Python Extensions

Applies To:

Pipeline Bundle

Configuration Scope:

Pipeline

Overview

Python Extensions allow data engineers to write custom Python modules that extend the framework’s capabilities. Extensions are organized in a central extensions/ directory and can be imported as standard Python modules throughout your dataflow specifications.

Important

Extensions provide a powerful mechanism for implementing custom logic—sources, transforms, and sinks—while maintaining clean separation between framework code and business logic.

This feature allows development teams to:

  • Centralize Custom Logic: Organize all custom Python code in one location

  • Reuse Across Dataflows: Reference the same functions from multiple dataflow specs

  • Maintain Clean Imports: Use standard Python module imports (e.g., transforms.my_function)

  • Manage Dependencies: Install additional Python packages via requirements_additional.txt

  • Test Independently: Extensions can be unit tested outside of Spark Declarative Pipelines

Note

Extensions are loaded during pipeline initialization when the framework adds the extensions/ directory to the Python path. Any additional dependencies specified in requirements_additional.txt are installed before the pipeline starts.

How It Works

The extension system consists of three main components:

  1. Extensions Directory: A src/extensions/ folder in your pipeline bundle containing Python modules

  2. Module References: Dataflow specs reference extension functions using module syntax (e.g., transforms.my_function)

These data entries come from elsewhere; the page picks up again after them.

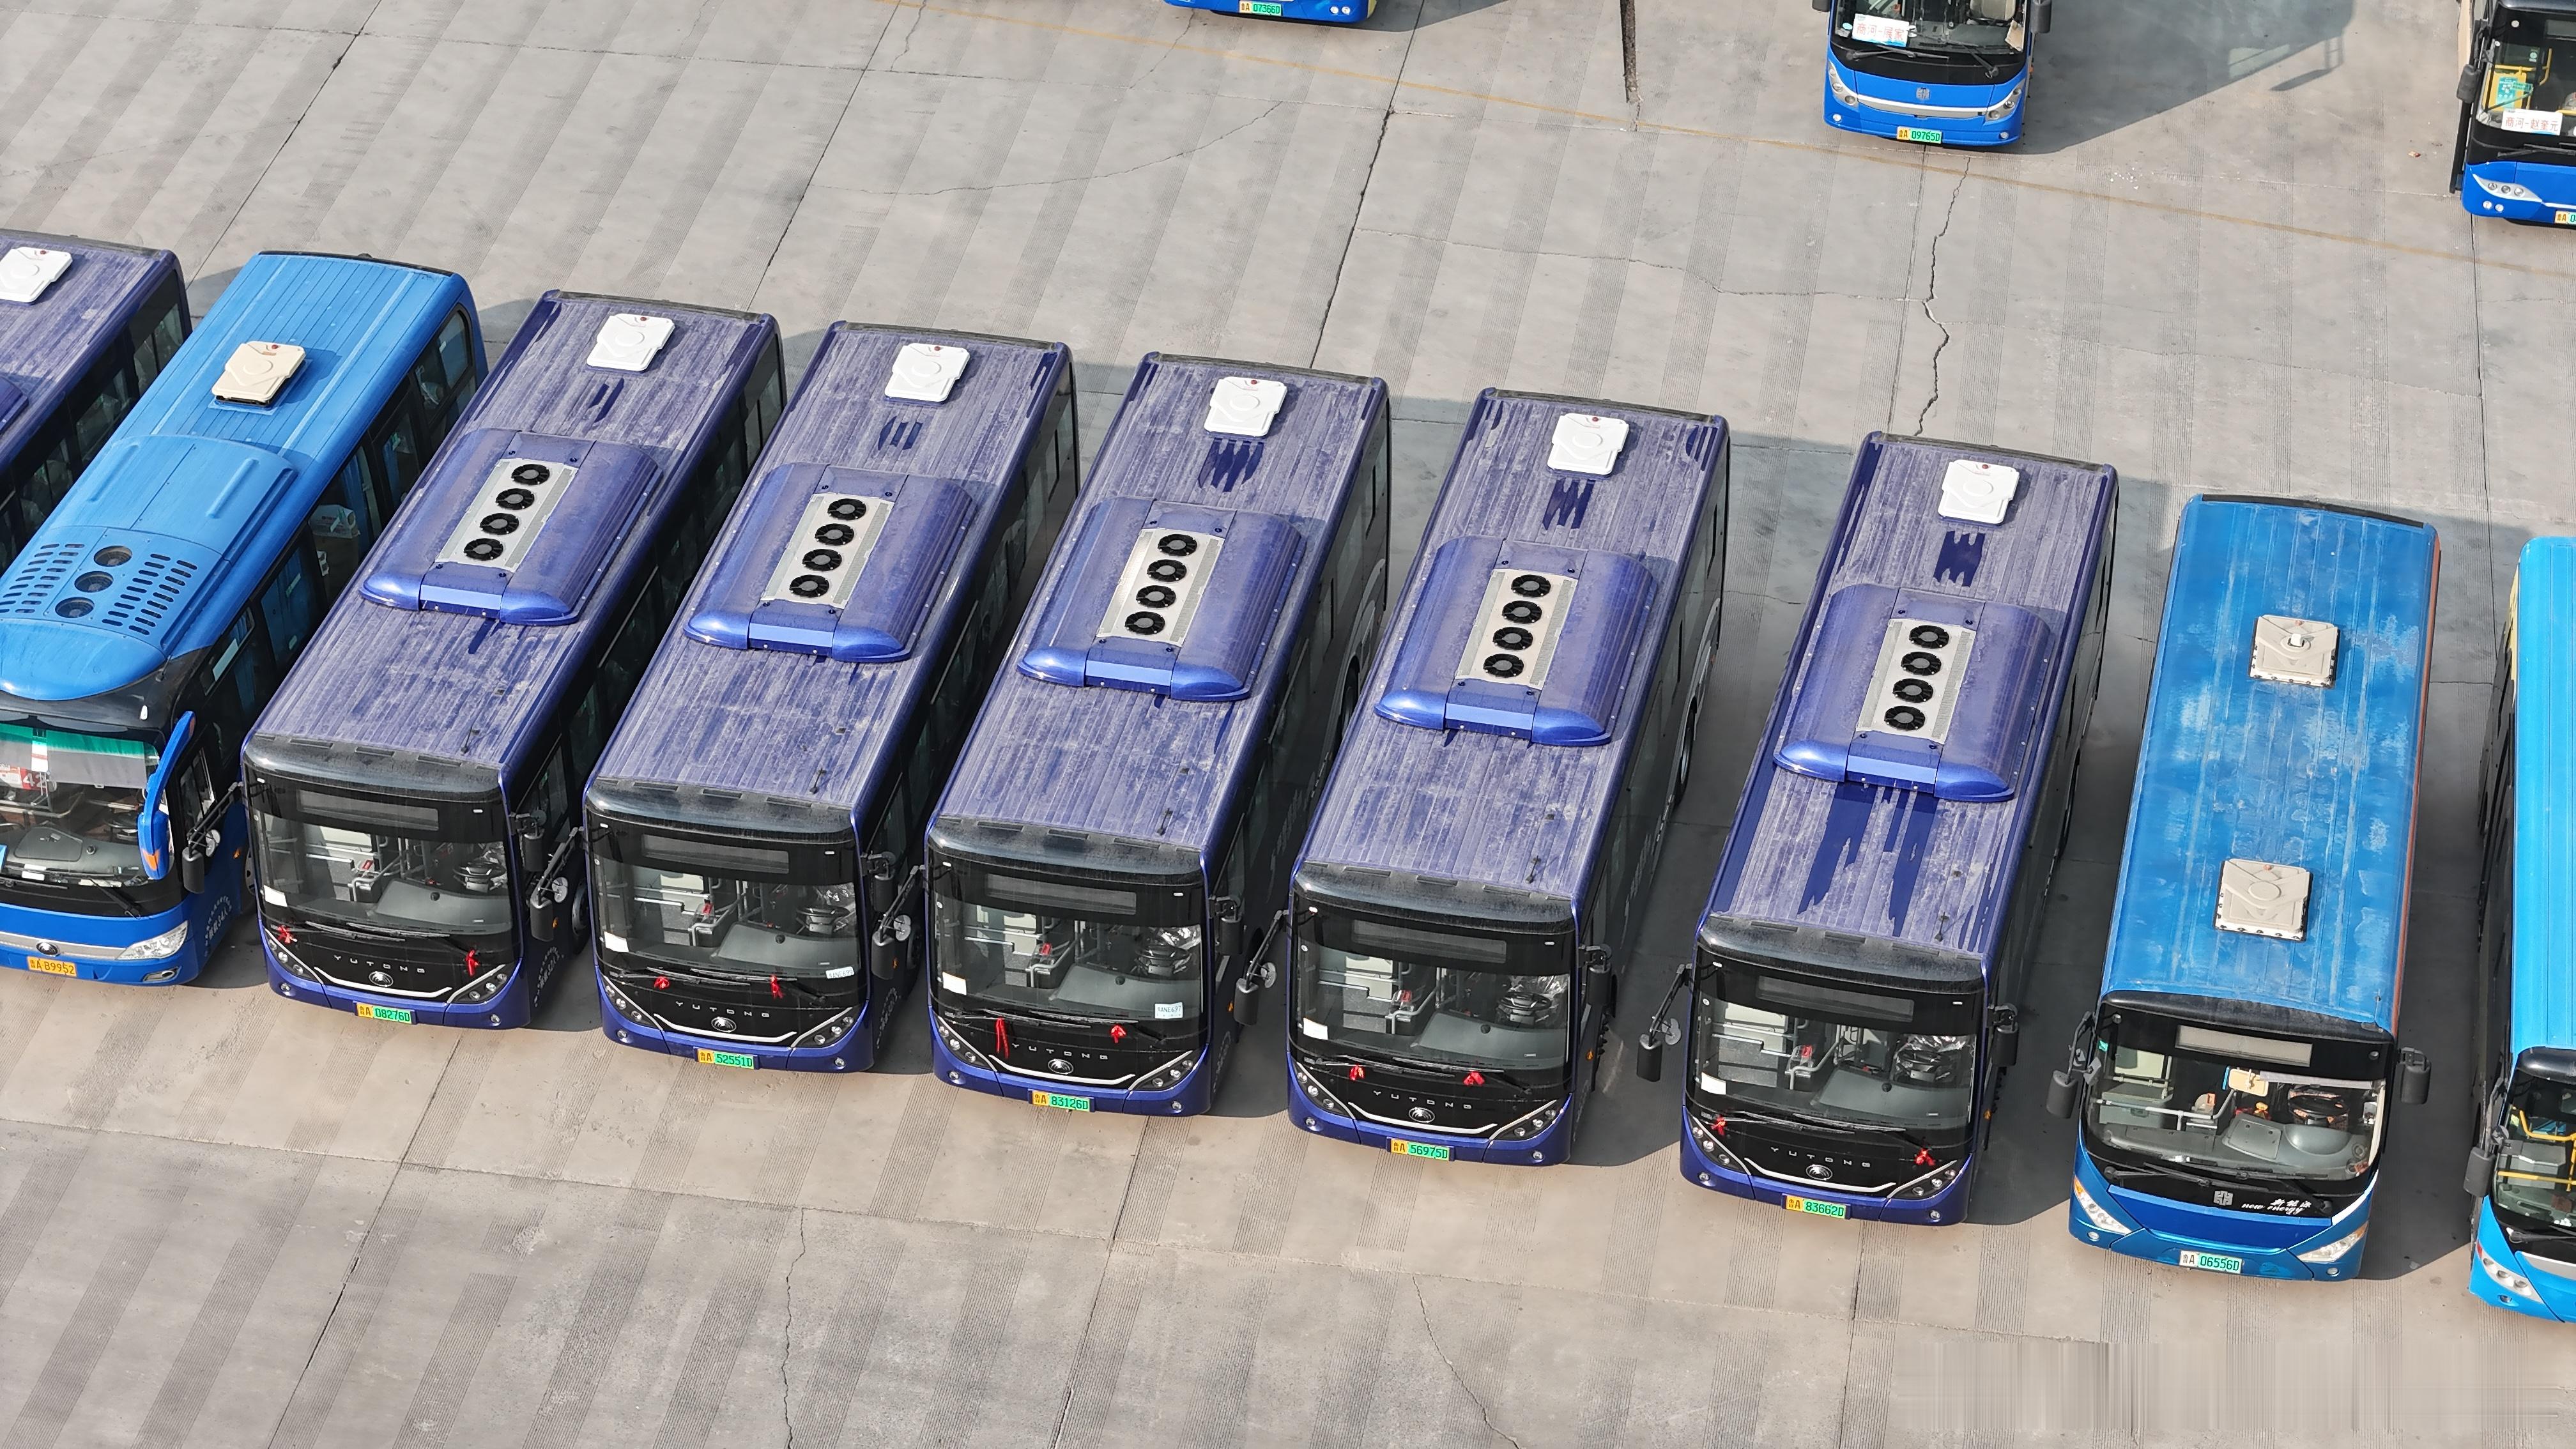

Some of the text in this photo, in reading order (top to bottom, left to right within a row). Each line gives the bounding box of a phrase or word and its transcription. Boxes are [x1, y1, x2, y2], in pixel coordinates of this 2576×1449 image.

[334, 954, 425, 974] YUTONG
[675, 1001, 770, 1018] YUTONG
[1011, 1043, 1108, 1061] YUTONG
[1374, 1090, 1472, 1110] YUTONG
[1770, 1146, 1871, 1168] YUTONG

  3. Dependency Management: Optional requirements_additional.txt files for installing pip packages

Directory Structure

Extensions live in the src/extensions/ directory of your pipeline bundle:

my_pipeline_bundle/
├── src/
│   ├── extensions/
│   │   ├── __init__.py           # Optional, for package imports
│   │   ├── sources.py            # Custom source functions
│   │   ├── transforms.py         # Custom transform functions
│   │   └── sinks.py              # Custom sink functions
│   ├── dataflows/
│   │   └── ...
│   └── pipeline_configs/
│       └── ...
└── requirements_additional.txt   # Optional pip dependencies

Dependency Management

Extensions may require additional Python packages beyond the framework’s core dependencies. For detailed information on managing Python dependencies, see Python Dependency Management.

Extension Examples

Source Extensions

Custom functions that generate DataFrames for use as data sources.

src/extensions/sources.py
 from pyspark.sql import DataFrame, SparkSession
 from pyspark.sql import functions as F
 from typing import Dict

 def get_customer_cdf(spark: SparkSession, tokens: Dict) -> DataFrame:
     """
     Get customer data with Change Data Feed enabled.
     """
     source_table = tokens["sourceTable"]
     reader_options = {"readChangeFeed": "true"}

     return (
         spark.readStream
         .options(**reader_options)
         .table(source_table)
     )

 def get_api_data(spark: SparkSession, tokens: Dict) -> DataFrame:
     """
     Fetch data from an external API.
     """
     import requests  # From requirements_additional.txt

     api_url = tokens["apiUrl"]
     response = requests.get(api_url)
     data = response.json()

     return spark.createDataFrame(data)

Reference in Dataflow Spec:

{
    "dataFlowId": "customer_from_extension",
    "dataFlowGroup": "my_dataflows",
    "dataFlowType": "standard",
    "sourceSystem": "custom",
    "sourceType": "python",
    "sourceViewName": "v_customer",
    "sourceDetails": {
        "tokens": {
            "sourceTable": "{staging_schema}.customer"
        },
        "pythonModule": "sources.get_customer_cdf"
    },
    "mode": "stream",
    "targetFormat": "delta",
    "targetDetails": {
        "table": "customer"
    }
}

Transform Extensions

Custom functions that transform DataFrames after they are read from a source.

Function Signatures:

# Without tokens
def my_transform(df: DataFrame) -> DataFrame:
    ...

# With tokens
def my_transform_with_tokens(df: DataFrame, tokens: Dict) -> DataFrame:
    ...

Example:

src/extensions/transforms.py
 from pyspark.sql import DataFrame
 from pyspark.sql import functions as F
 from typing import Dict

 from pyspark.sql import DataFrame
 from pyspark.sql import functions as F

 def explode_deletes_function_transform(df: DataFrame) -> DataFrame:
     """
     Duplicates delete records and adjusts sequence_by timestamp.
     For deletes: is_delete=0 gets +1ms, is_delete=1 gets +2ms.
     """
     # Create array: [0,1] for deletes, [0] for others, then explode
     sequence_column = "LOAD_TIMESTAMP"
     change_type_column = "meta_cdc_operation"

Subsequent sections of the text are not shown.